A&B: Has your own opinion or idea of what poetry is changed since you first started writing poetry?

D.R. James: Yes, I’d say so. I came late to writing poems, almost fifty, and was using journal and poem writing to deal with a long stretch of depression. My journal entries and early attempts at poems were expressing and trying to process my troubles, very self-centered and self-serving. Which was fine, of course. They served that purpose. But then I turned a corner somewhere along the line and realized I was enjoying the writing for its own sake as well as the evolving and finished pieces themselves, apart from their therapeutic utility. I was freed to write actual poems that moved the self-absorption gradually into the universal and the creation of things out of language, language things-in-themselves. I envy musicians and non-representational artists who can just create a thing to experience without it having to mean a thing.

A&B: Tell us the most positive and uplifting advice you have been given while working on your poetry.

D.R. James: William Stafford: Lower your standards. Jack Ridl: Don’t write good poems.

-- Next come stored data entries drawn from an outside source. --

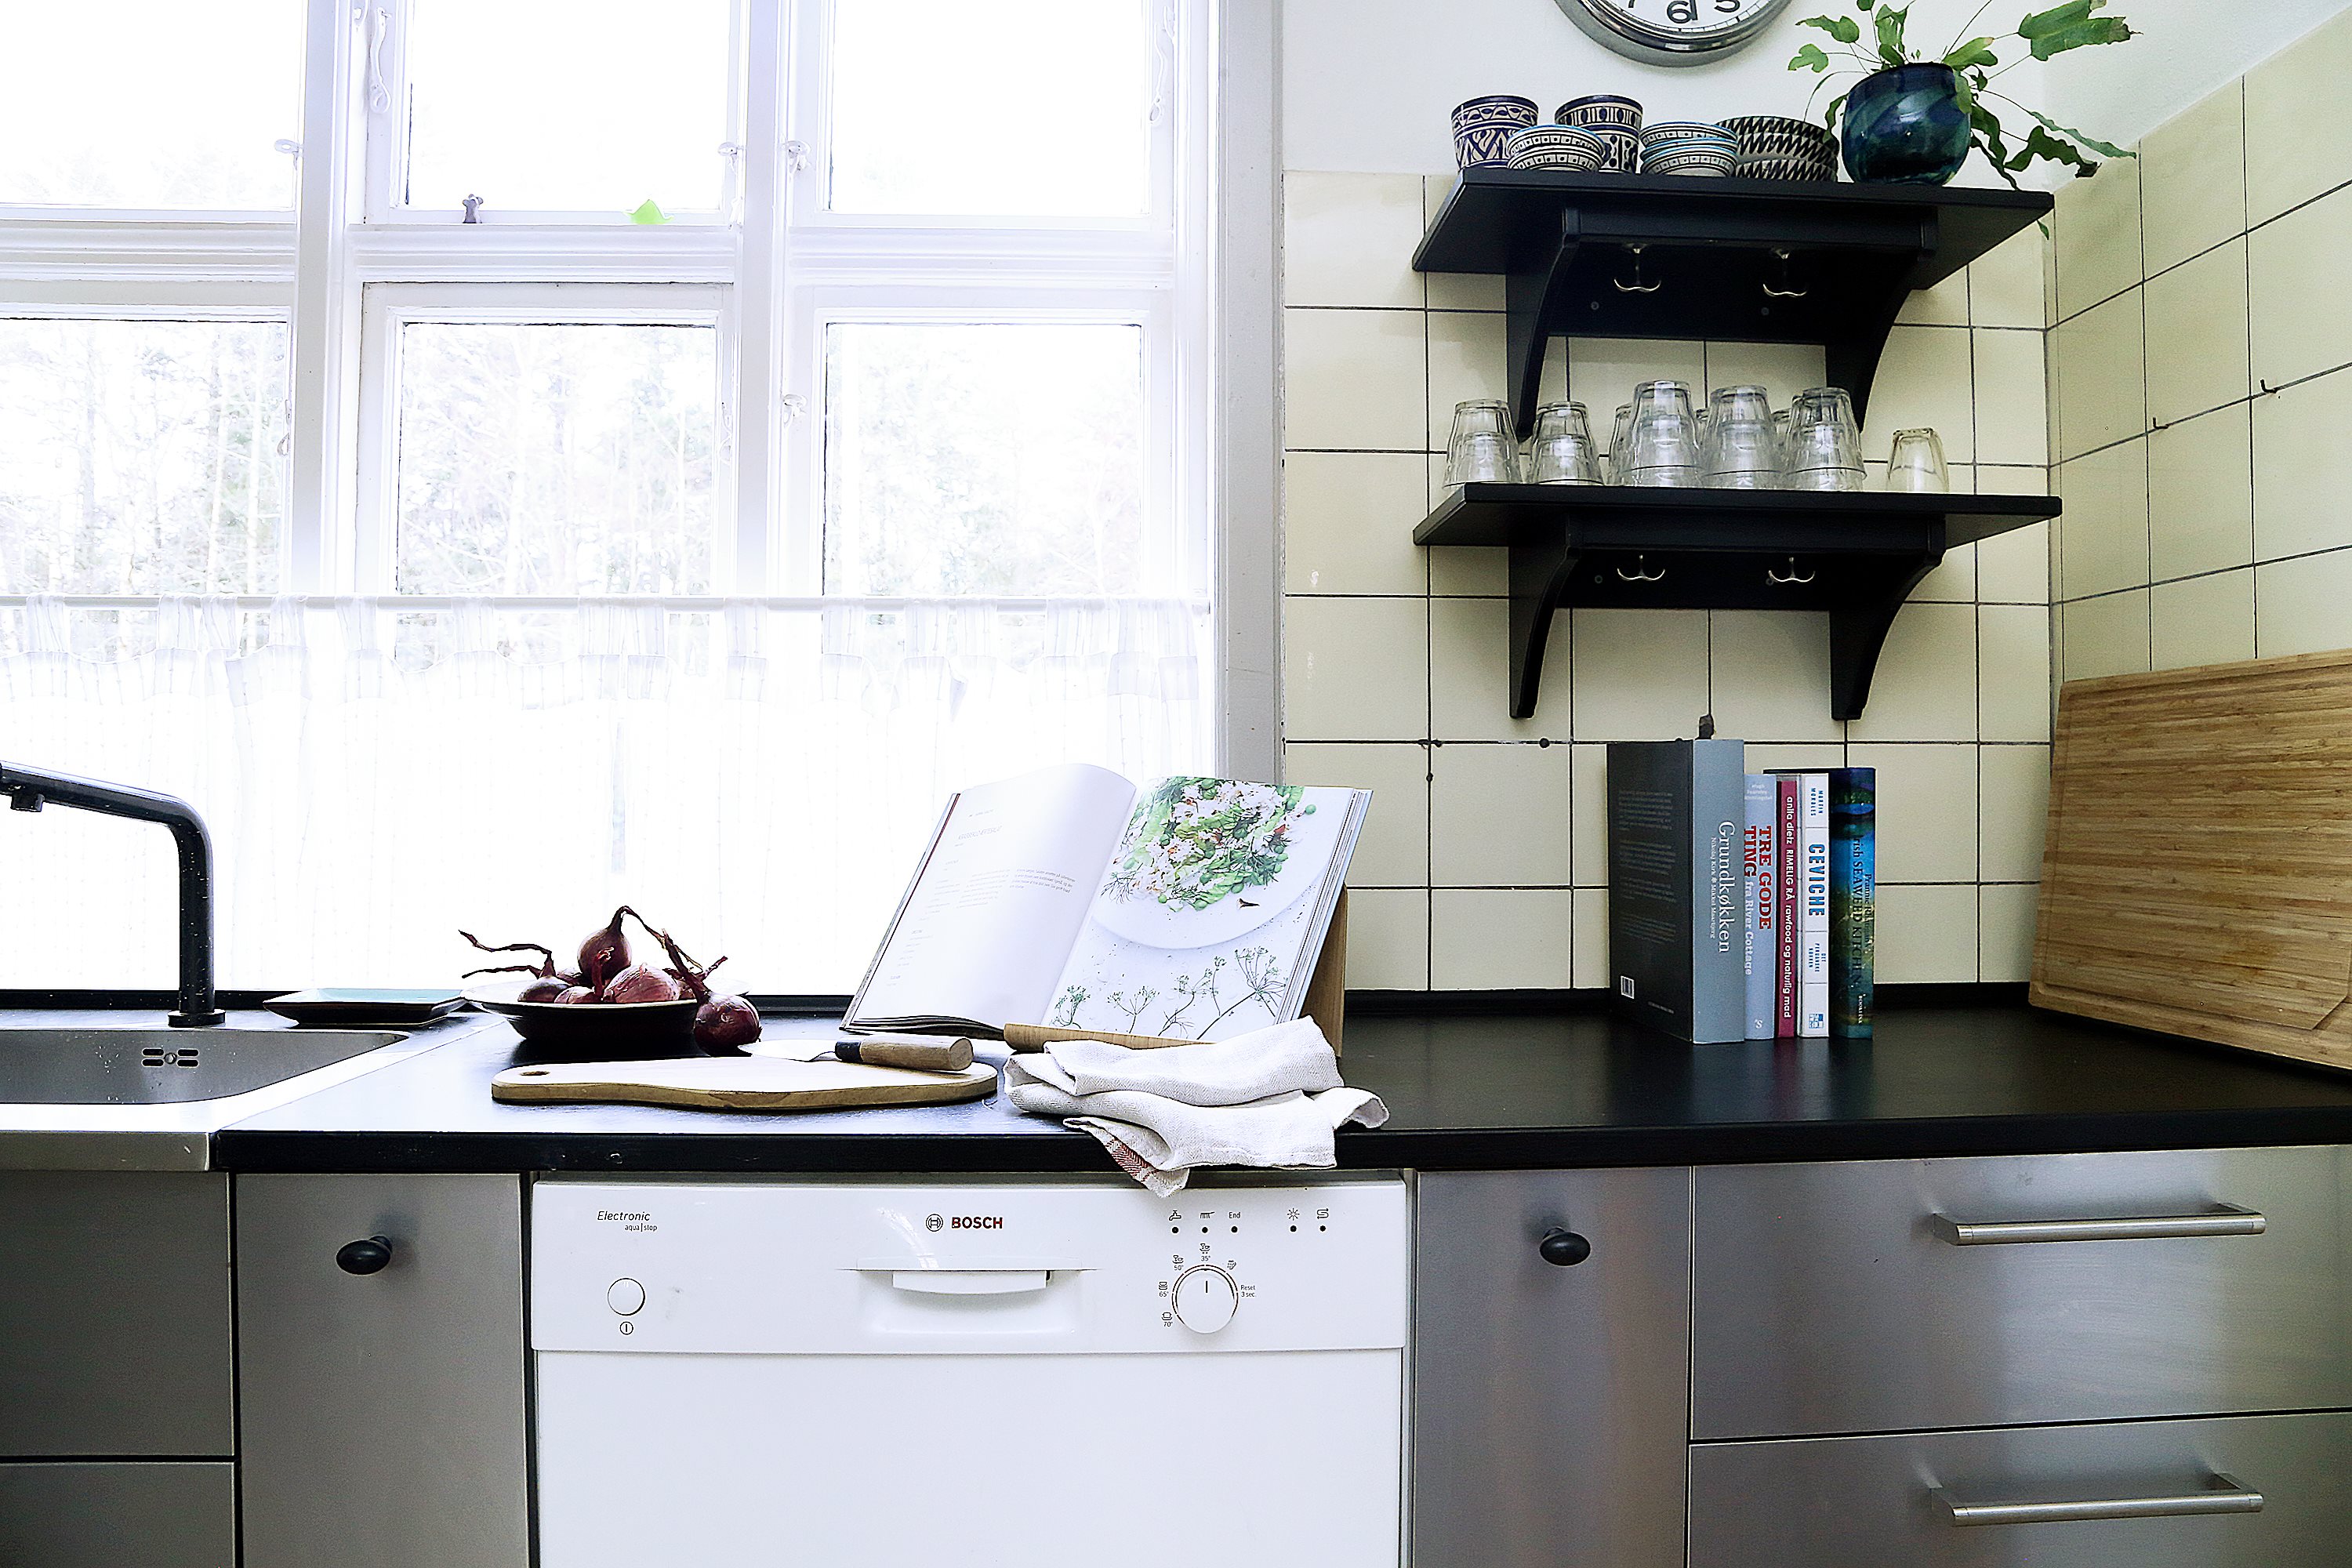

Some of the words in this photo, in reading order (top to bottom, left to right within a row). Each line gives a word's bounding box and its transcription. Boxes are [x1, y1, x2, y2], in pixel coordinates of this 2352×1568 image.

[1786, 796, 1795, 820] anita
[1759, 825, 1772, 866] TRE
[1786, 822, 1795, 844] dietz
[1744, 825, 1757, 877] TING
[1718, 821, 1736, 954] Grundkøkken
[1744, 880, 1755, 898] fra
[1785, 887, 1795, 901] RÅ
[1808, 844, 1825, 916] CEVICHE
[1853, 861, 1864, 923] SEAWEED
[1744, 899, 1754, 929] River
[1759, 872, 1772, 930] GODE
[1784, 905, 1793, 943] rawfood
[1744, 931, 1754, 975] Cottage
[1783, 945, 1791, 958] og
[1782, 960, 1792, 994] naturlig
[597, 1210, 651, 1221] Electronic
[951, 1216, 1004, 1229] BOSCH
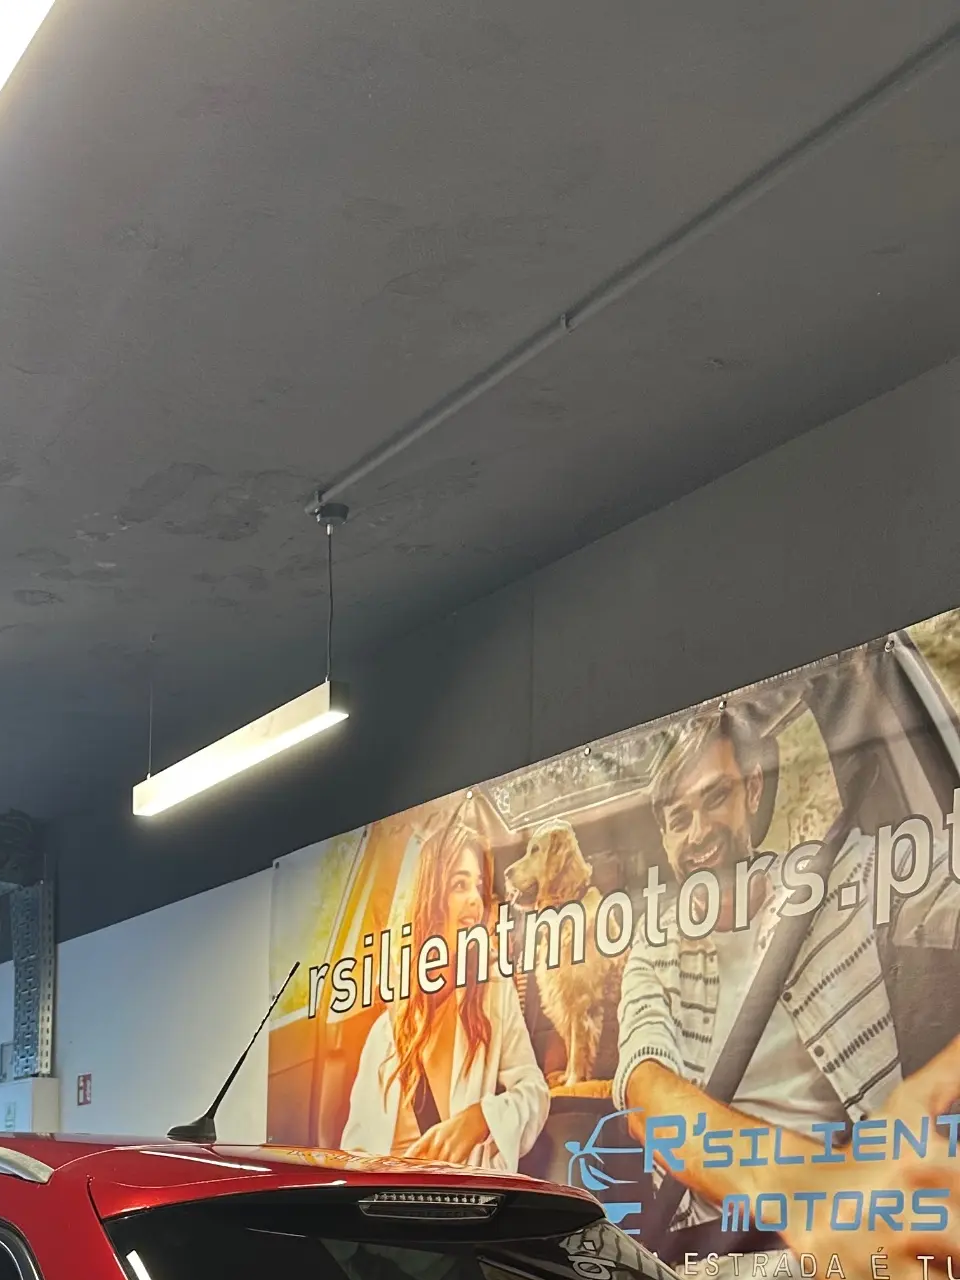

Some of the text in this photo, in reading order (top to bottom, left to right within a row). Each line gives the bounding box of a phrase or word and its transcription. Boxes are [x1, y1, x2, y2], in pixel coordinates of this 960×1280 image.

Marvin Bell: Learn the rules, break the rules, make new rules, break those rules, so your low-down obsessions can truly surface.

Bio:

D.R. James lives in the woods near Saugatuck, Michigan, U.S. He has released nine collections, including Flip Requiem (Dos Madres, 2020), Surreal Expulsion (Poetry Box, 2019), and If god were gentle (Dos Madres, 2017). His micro-chapbook All Her Jazz is available for free at Origami Poems Project.

D.R., thank you for answering our questions and supporting Auroras & Blossoms! We know that people will love your poems as much as we do!